> **WHAT TO PRODUCE**:
The records below are to be reproduced exactly, with every picture left out.

> **RECORDED DATA**:

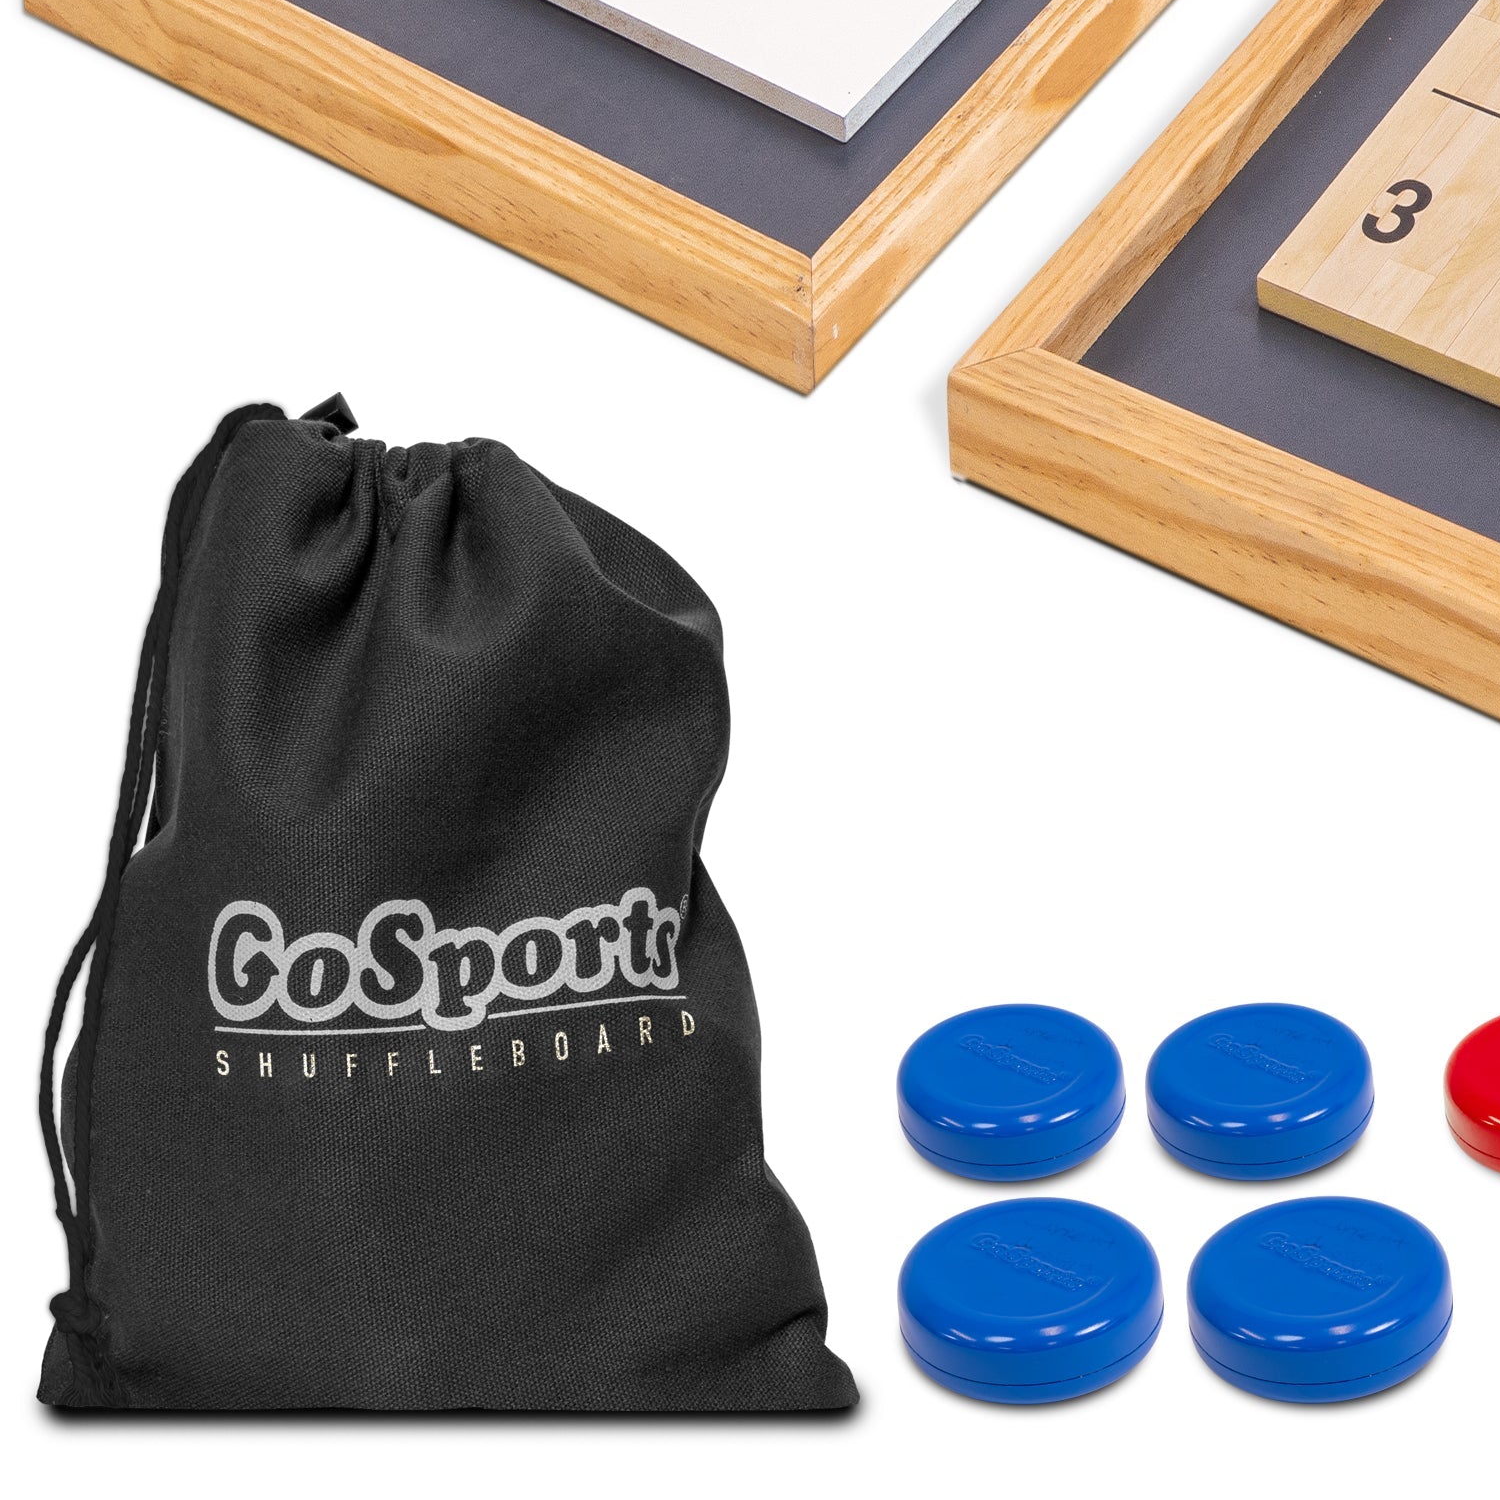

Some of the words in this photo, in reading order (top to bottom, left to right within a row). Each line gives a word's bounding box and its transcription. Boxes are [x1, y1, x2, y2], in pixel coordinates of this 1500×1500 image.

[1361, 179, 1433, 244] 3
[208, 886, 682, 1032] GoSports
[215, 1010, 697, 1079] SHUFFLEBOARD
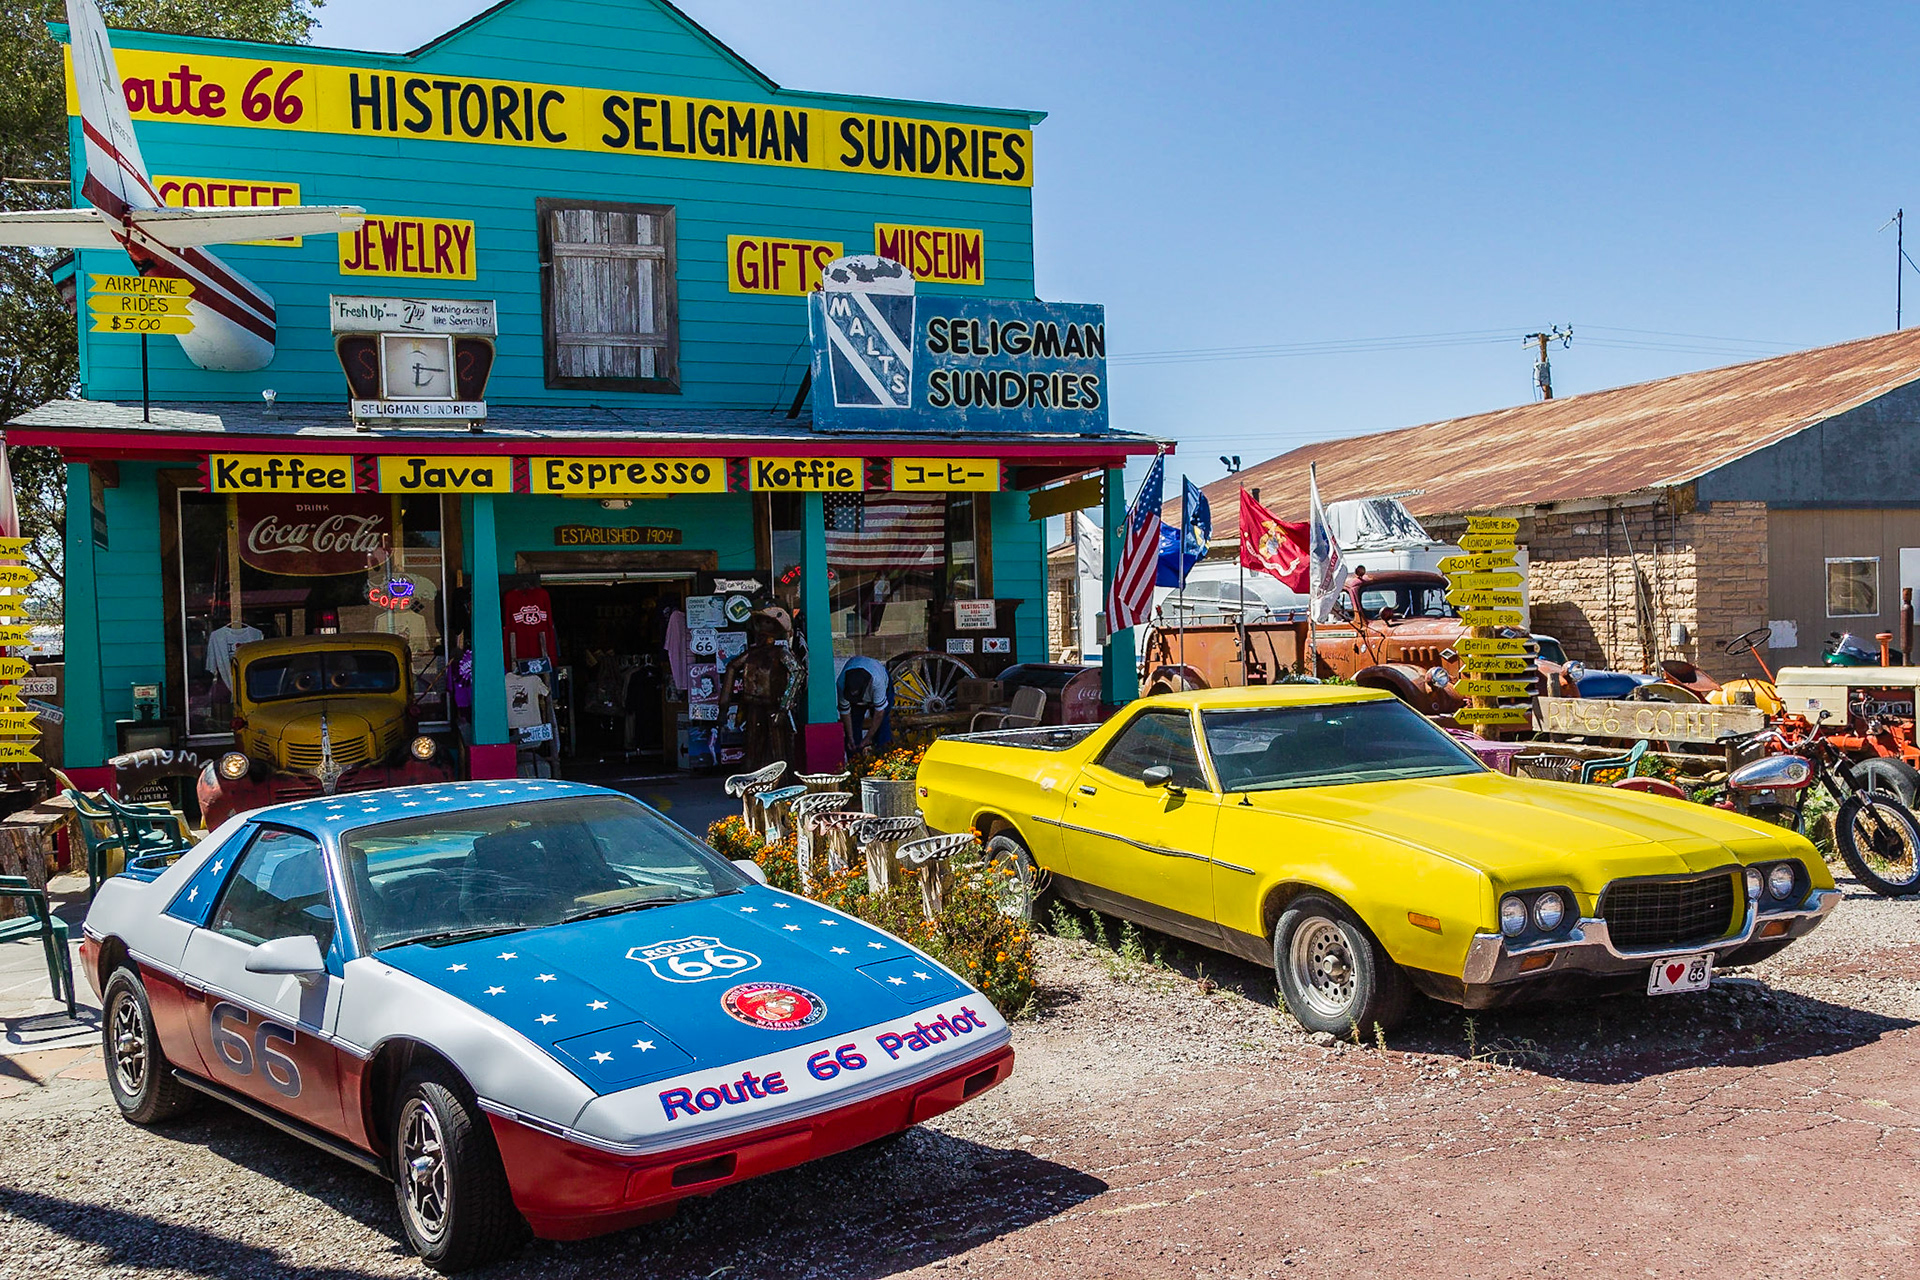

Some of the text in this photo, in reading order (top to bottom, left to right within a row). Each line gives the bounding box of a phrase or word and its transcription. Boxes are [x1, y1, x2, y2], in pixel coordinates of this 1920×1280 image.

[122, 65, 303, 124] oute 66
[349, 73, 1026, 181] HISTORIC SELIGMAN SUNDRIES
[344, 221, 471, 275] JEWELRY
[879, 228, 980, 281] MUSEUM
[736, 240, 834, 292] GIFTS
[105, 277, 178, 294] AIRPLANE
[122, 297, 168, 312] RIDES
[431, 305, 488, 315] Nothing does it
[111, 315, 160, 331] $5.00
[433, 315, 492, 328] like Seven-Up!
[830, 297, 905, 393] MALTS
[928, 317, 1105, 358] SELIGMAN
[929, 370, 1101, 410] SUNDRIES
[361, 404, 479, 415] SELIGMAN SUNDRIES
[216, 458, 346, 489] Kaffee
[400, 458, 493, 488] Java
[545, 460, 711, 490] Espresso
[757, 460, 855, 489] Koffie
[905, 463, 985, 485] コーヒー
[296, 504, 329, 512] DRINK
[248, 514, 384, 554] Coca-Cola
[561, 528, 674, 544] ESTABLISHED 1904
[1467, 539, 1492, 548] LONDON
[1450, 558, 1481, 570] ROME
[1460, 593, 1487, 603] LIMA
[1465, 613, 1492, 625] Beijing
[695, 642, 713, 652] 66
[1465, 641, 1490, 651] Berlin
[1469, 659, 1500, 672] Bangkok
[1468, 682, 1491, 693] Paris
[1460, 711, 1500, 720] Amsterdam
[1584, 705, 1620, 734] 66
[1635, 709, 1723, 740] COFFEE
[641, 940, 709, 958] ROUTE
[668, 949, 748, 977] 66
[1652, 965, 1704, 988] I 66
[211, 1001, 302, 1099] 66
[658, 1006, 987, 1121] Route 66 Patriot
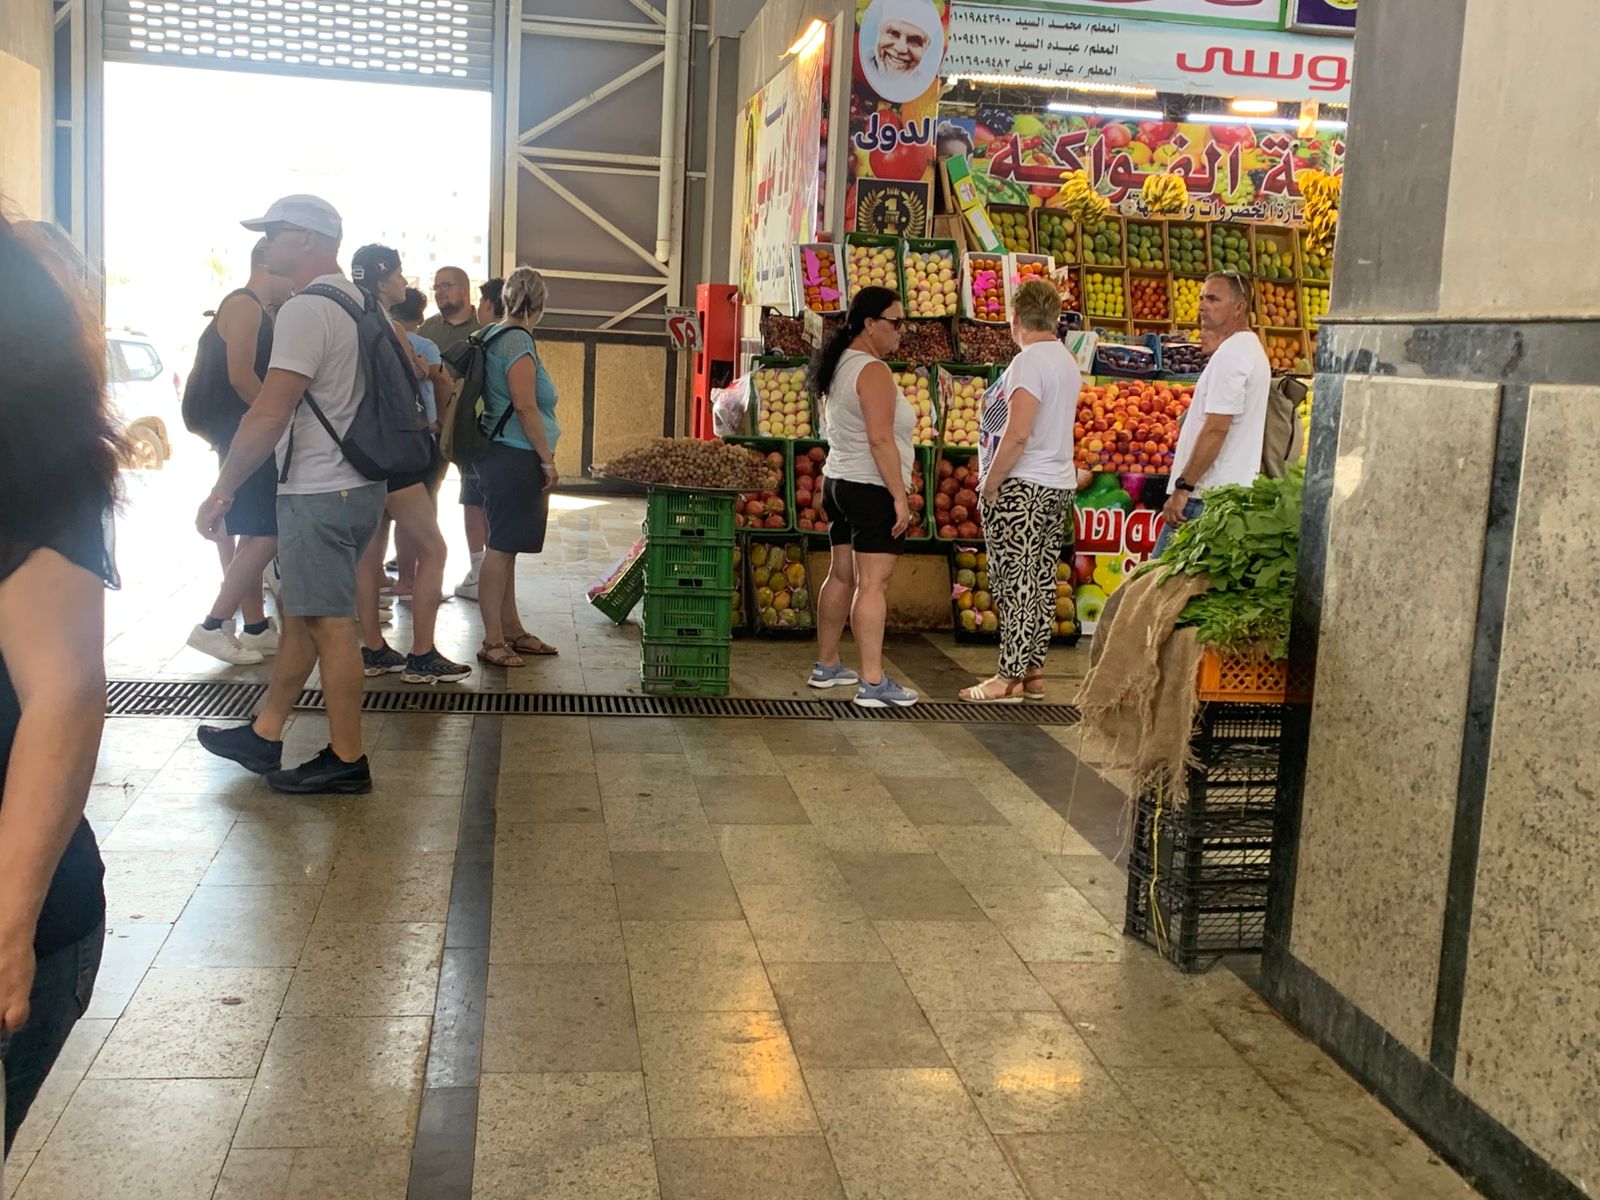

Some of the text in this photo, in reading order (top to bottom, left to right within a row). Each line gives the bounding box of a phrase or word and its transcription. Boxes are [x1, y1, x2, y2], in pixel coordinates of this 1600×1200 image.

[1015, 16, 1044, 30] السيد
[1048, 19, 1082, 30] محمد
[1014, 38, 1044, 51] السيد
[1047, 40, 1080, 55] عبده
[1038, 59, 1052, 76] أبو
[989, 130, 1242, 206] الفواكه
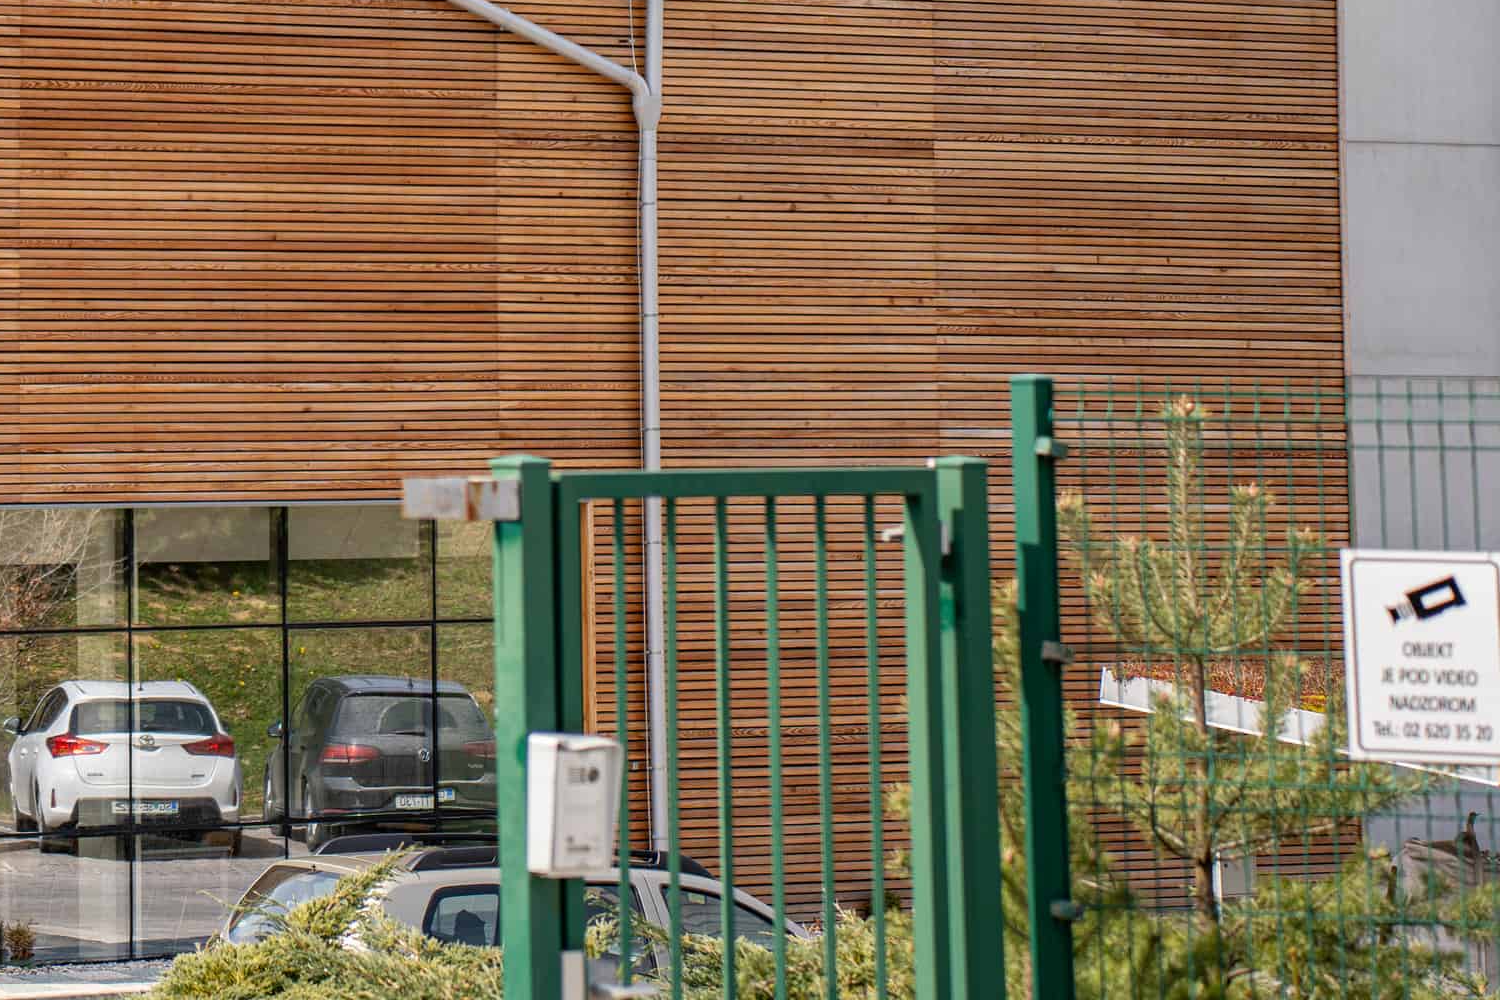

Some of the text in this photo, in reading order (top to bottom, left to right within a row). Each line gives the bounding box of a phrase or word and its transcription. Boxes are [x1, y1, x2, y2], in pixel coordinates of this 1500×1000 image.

> **EXERCISE RESULT**:
Some of the words in this photo, in reading order (top to bottom, left to right within a row). Each line gives a word's bounding box and its transcription. Boxes are [x1, y1, x2, y2], in pixel coordinates of this 1500×1500 image.

[1361, 179, 1433, 244] 3
[208, 886, 682, 1032] GoSports
[215, 1010, 697, 1079] SHUFFLEBOARD

Some of the text in this photo, in reading order (top to bottom, left to right within a row). Each line gives the bounding box of a phrase or word and its transcription. Boxes are [x1, y1, x2, y2], in pixel coordinates of this 1920×1280 image.

[122, 65, 303, 124] oute 66
[349, 73, 1026, 181] HISTORIC SELIGMAN SUNDRIES
[344, 221, 471, 275] JEWELRY
[879, 228, 980, 281] MUSEUM
[736, 240, 834, 292] GIFTS
[105, 277, 178, 294] AIRPLANE
[122, 297, 168, 312] RIDES
[431, 305, 488, 315] Nothing does it
[111, 315, 160, 331] $5.00
[433, 315, 492, 328] like Seven-Up!
[830, 297, 905, 393] MALTS
[928, 317, 1105, 358] SELIGMAN
[929, 370, 1101, 410] SUNDRIES
[361, 404, 479, 415] SELIGMAN SUNDRIES
[216, 458, 346, 489] Kaffee
[400, 458, 493, 488] Java
[545, 460, 711, 490] Espresso
[757, 460, 855, 489] Koffie
[905, 463, 985, 485] コーヒー
[296, 504, 329, 512] DRINK
[248, 514, 384, 554] Coca-Cola
[561, 528, 674, 544] ESTABLISHED 1904
[1467, 539, 1492, 548] LONDON
[1450, 558, 1481, 570] ROME
[1460, 593, 1487, 603] LIMA
[1465, 613, 1492, 625] Beijing
[695, 642, 713, 652] 66
[1465, 641, 1490, 651] Berlin
[1469, 659, 1500, 672] Bangkok
[1468, 682, 1491, 693] Paris
[1460, 711, 1500, 720] Amsterdam
[1584, 705, 1620, 734] 66
[1635, 709, 1723, 740] COFFEE
[641, 940, 709, 958] ROUTE
[668, 949, 748, 977] 66
[1652, 965, 1704, 988] I 66
[211, 1001, 302, 1099] 66
[658, 1006, 987, 1121] Route 66 Patriot

Some of the text in this photo, in reading order (top to bottom, left to right within a row). Each line gives the bounding box of a phrase or word and its transcription. Boxes are [x1, y1, x2, y2], in pixel coordinates of this 1600×1200 image.

[1015, 16, 1044, 30] السيد
[1048, 19, 1082, 30] محمد
[1014, 38, 1044, 51] السيد
[1047, 40, 1080, 55] عبده
[1038, 59, 1052, 76] أبو
[989, 130, 1242, 206] الفواكه

Some of the text in this photo, in reading order (top to bottom, left to right within a row). Each line gives the bounding box of a phrase or word and its transcription. Boxes are [x1, y1, x2, y2], in pixel coordinates of this 1500×1000 image.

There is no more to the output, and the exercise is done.